When Linda announced the price increase for the new year, I ordered some dpns to flesh out the sizes I already had. 

Dyakcraft needles. (sigh) 2 little sets of dpns- that was what started it all. Several years ago, I was at yarn shop called "Yarn Dance" in Bemidiji (Marchwind's old stomping grounds) and they had two lonely little packets of "Darn Pretty" dpns in sizes I needed and they were ON SALE!  So I bought them- then fell deeply madly in love with them. I had only knit with bamboo and old Boye slippery dpns at that time - and the these laminated birch needles were from heaven above. Perfect in every way.

I already had (and loved) the Knit Picks laminated interchanegables but I could immeditaely tell the difference between the two needle makers . Needle love is such a fickle thing.  I have since destashed my Knit Picks.

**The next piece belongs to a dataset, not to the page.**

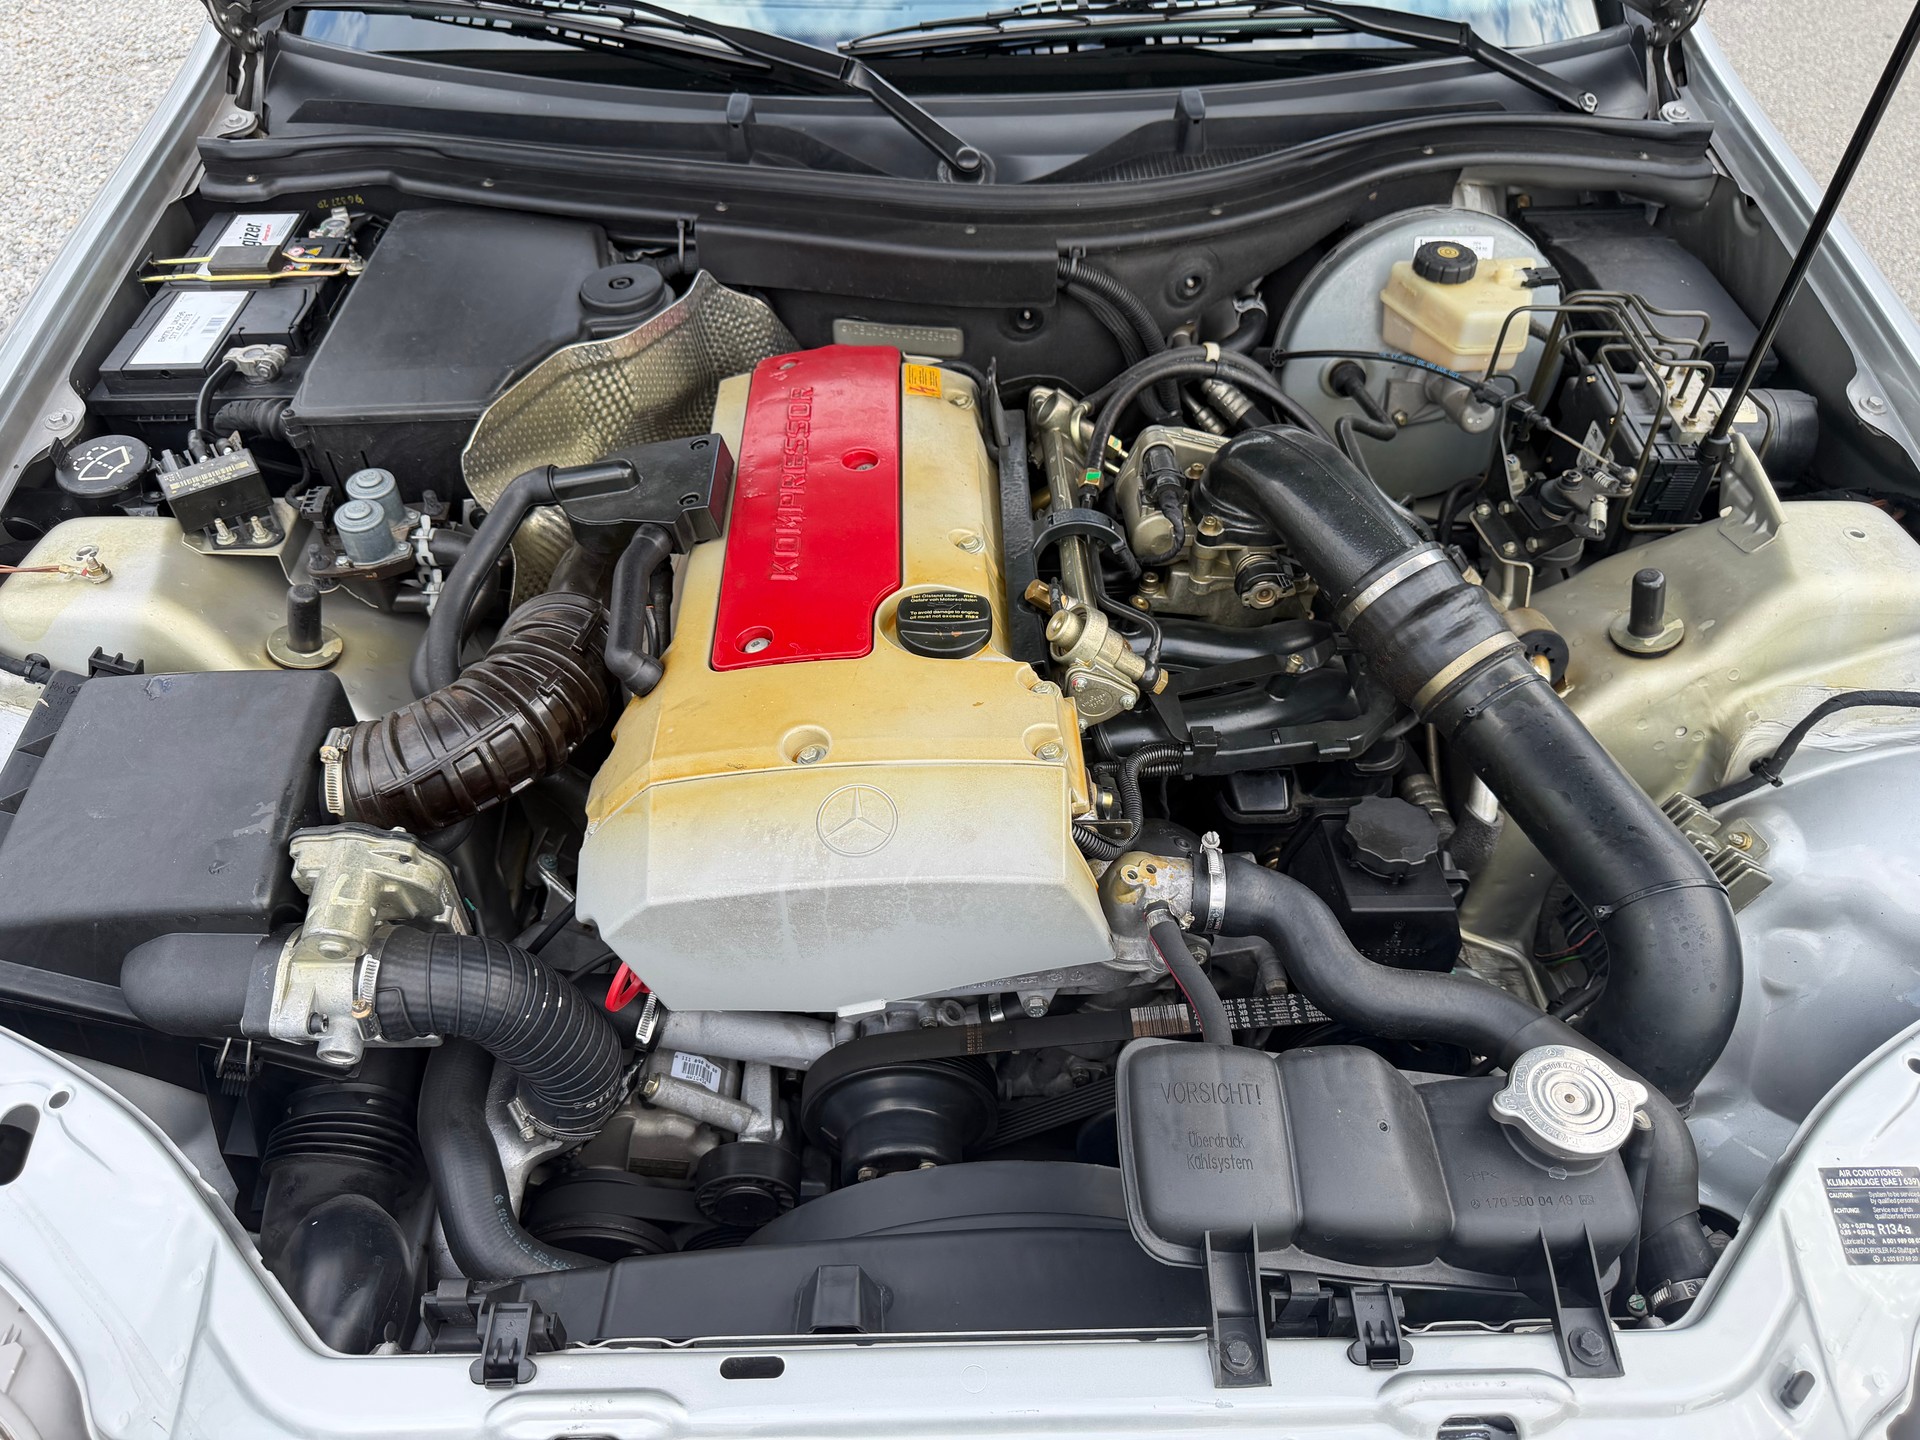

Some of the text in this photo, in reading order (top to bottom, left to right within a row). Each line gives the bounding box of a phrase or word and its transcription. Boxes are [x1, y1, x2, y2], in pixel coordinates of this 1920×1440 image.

And my Addis. And virtually everything else. (I have held onto a teensy skinny set of Signature stiletto dpns "just in case" I need to start an IV or poke teeny holes in something. Those suckers draw blood soooooooo easily. )

Since then, I have ordered, waited patiently, and now have in my hot little hands

1 set of Darn Pretty 5" interchangeables with regular tips in custom-mixed colors (they don't even do that anymore!)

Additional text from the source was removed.